Hope I can do this from the USA.


----------



## fmartin_gila (May 15, 2011)

Just clicked on the link you provided out of curiosity. Must be overloaded as it won't even connect. I intend to wait anyway as there is a 180 day timeframe to comply. 

Fred


----------



## Jawny (24 d ago)

From what I read, the registration for foreigners requires proof of residence.


----------



## bigpearl (Jan 24, 2016)

Welcome to the forum Jawny.
Not sure if you live here or a tourist like me but what I have been told/read is 6 months to register if a resident or only 3 months as a tourist, Not sure where I fit there as I'm on a visitor visa but have a 25 + 25 year lease with my name on the title that is encumbered and my name on the Barangay rates, ACR etc. Perhaps I will fall into the cracks as others will. I will register in the next month or 2 so I don't get slapped.

Cheers, Steve.


----------



## Jawny (24 d ago)

The registration process I read about has established that current in-use SIMs have to get registered within the next 180 days. Newly purchased SIMs will be processed at time of purchase. Foreign tourists will be allowed a thirty day use of their registered SIM. When registration expires the SIM is deactivated.

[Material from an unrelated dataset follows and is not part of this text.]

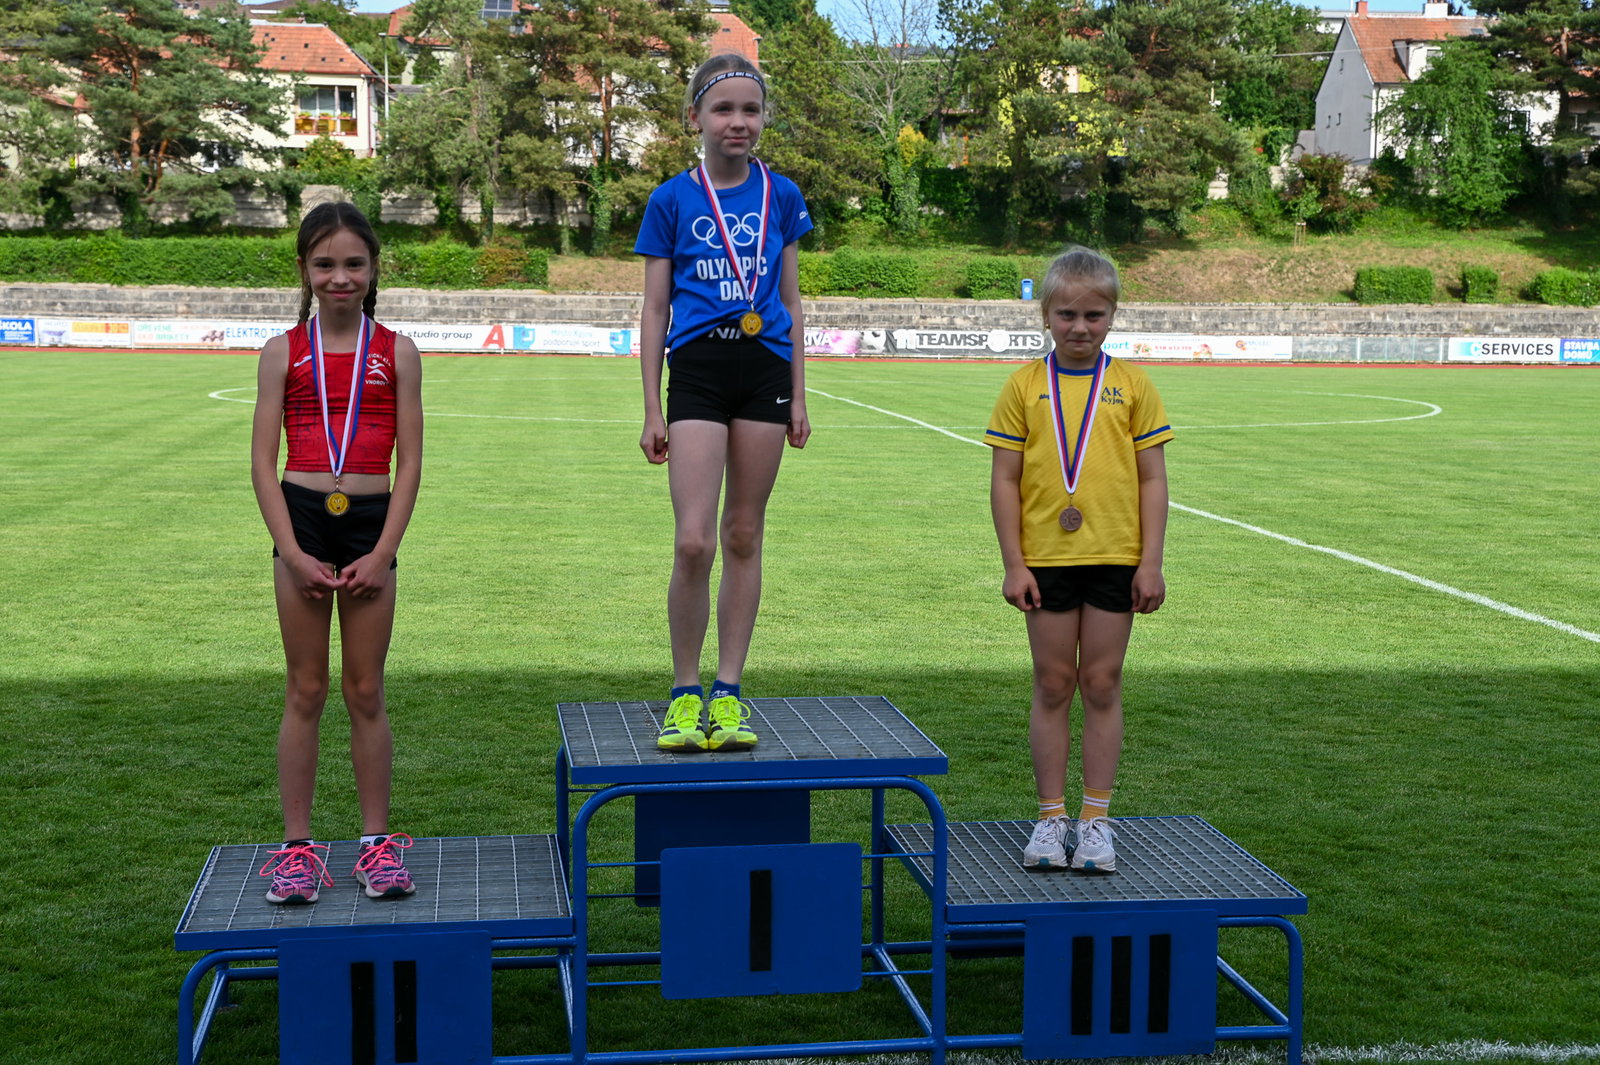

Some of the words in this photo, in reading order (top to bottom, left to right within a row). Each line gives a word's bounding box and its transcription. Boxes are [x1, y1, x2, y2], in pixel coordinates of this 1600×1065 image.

I didn’t read anywhere that there was some three month window. 

A foreigner with a long term visa will register but will use their ACR card as well as passport at time of registration.

I'm just guessing, but a tourist, even with a long term lease, may have to re-register every thirty days. Just a guess.


----------



## bigpearl (Jan 24, 2016)

You are correct Jawny, the little birdy that told me 3 months? I asked again just now and on reflection said yes 30 days, his bad.
As for re-registering every 30 days? Hope they do that online. had this number for 5 or 6 years so I guess I have to ply the game to keep the powers that be happy.
Hopefully this does stop spam but doubt it as they already have my number and if they also register can continue to send rubbish to me.
Said it some time earlier here or another thread that there are better things to worry about like the people living in the gutters.

OMO.

Cheers, Steve.


----------



## M.C.A. (Feb 24, 2013)

Another redundant messy site to deal with and I've already given up after 10 minutes.

It does mention that Globe in this case will send me a message to register. But I also have a service contract with PLDT. 

Post paid? So it appears even if you have a land line and purchased the providers SIM or it's part of your contract/plan (PLDT) you'll have to register the SIM.


----------



## bigpearl (Jan 24, 2016)

Register or no you will still get the spam txt msg's. Mark, I will simply let Ben do to miles.

Cheers, Steve.


----------



## magsasaja (Jan 31, 2014)

I’m a postpaid customer of globe and apparently they are doing it for me. Received this message the other day.


Hi! Starting December 27, 2022, the SIM Registration Act (SRA) will require all users of mobile devices to register their SIM as protection against SIM-aided criminal activity.

As a Globe Postpaid customer, you are already registered. We will get in touch with you should further information be required to align your registration details with the requirements of the law. 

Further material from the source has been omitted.